(Recorded data)

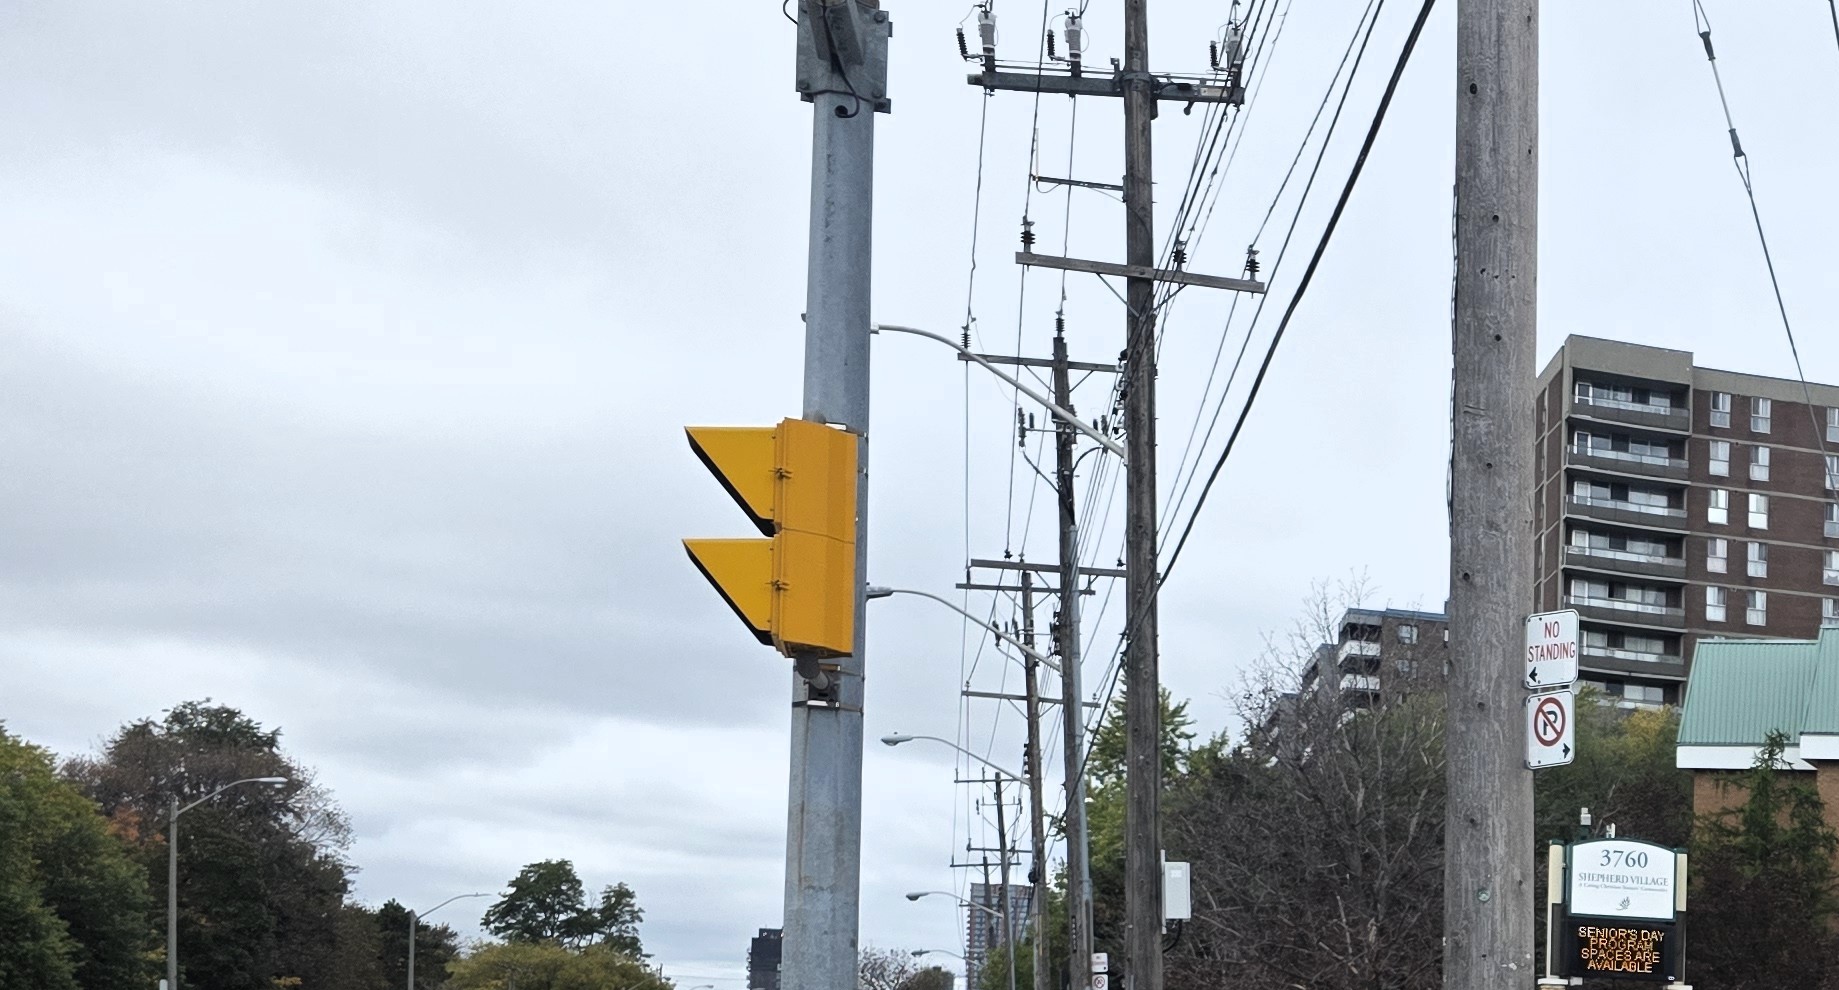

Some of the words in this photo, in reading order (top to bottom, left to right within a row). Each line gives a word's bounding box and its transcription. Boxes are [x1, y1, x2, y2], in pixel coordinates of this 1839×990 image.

[1544, 620, 1560, 639] NO
[1527, 641, 1576, 663] STANDING
[1600, 849, 1648, 869] 3760
[1578, 872, 1629, 884] SHEPHERD
[1630, 875, 1669, 887] VILLAGE
[1578, 926, 1638, 940] SENIOR'S
[1641, 929, 1665, 942] DAY
[1589, 938, 1654, 951] PROGRAM
[1581, 948, 1632, 961] SPACES
[1634, 950, 1661, 963] ARE
[1587, 960, 1653, 973] AVAILABLE

_ASSIGNMENT_
Print every line above once more, exactly. Omit the pictures.

_RESULT OF THE TASK_
Some of the words in this photo, in reading order (top to bottom, left to right within a row). Each line gives a word's bounding box and its transcription. Boxes are [x1, y1, x2, y2], in pixel coordinates of this 1839×990 image.

[1544, 620, 1560, 639] NO
[1527, 641, 1576, 663] STANDING
[1600, 849, 1648, 869] 3760
[1578, 872, 1629, 884] SHEPHERD
[1630, 875, 1669, 887] VILLAGE
[1578, 926, 1638, 940] SENIOR'S
[1641, 929, 1665, 942] DAY
[1589, 938, 1654, 951] PROGRAM
[1581, 948, 1632, 961] SPACES
[1634, 950, 1661, 963] ARE
[1587, 960, 1653, 973] AVAILABLE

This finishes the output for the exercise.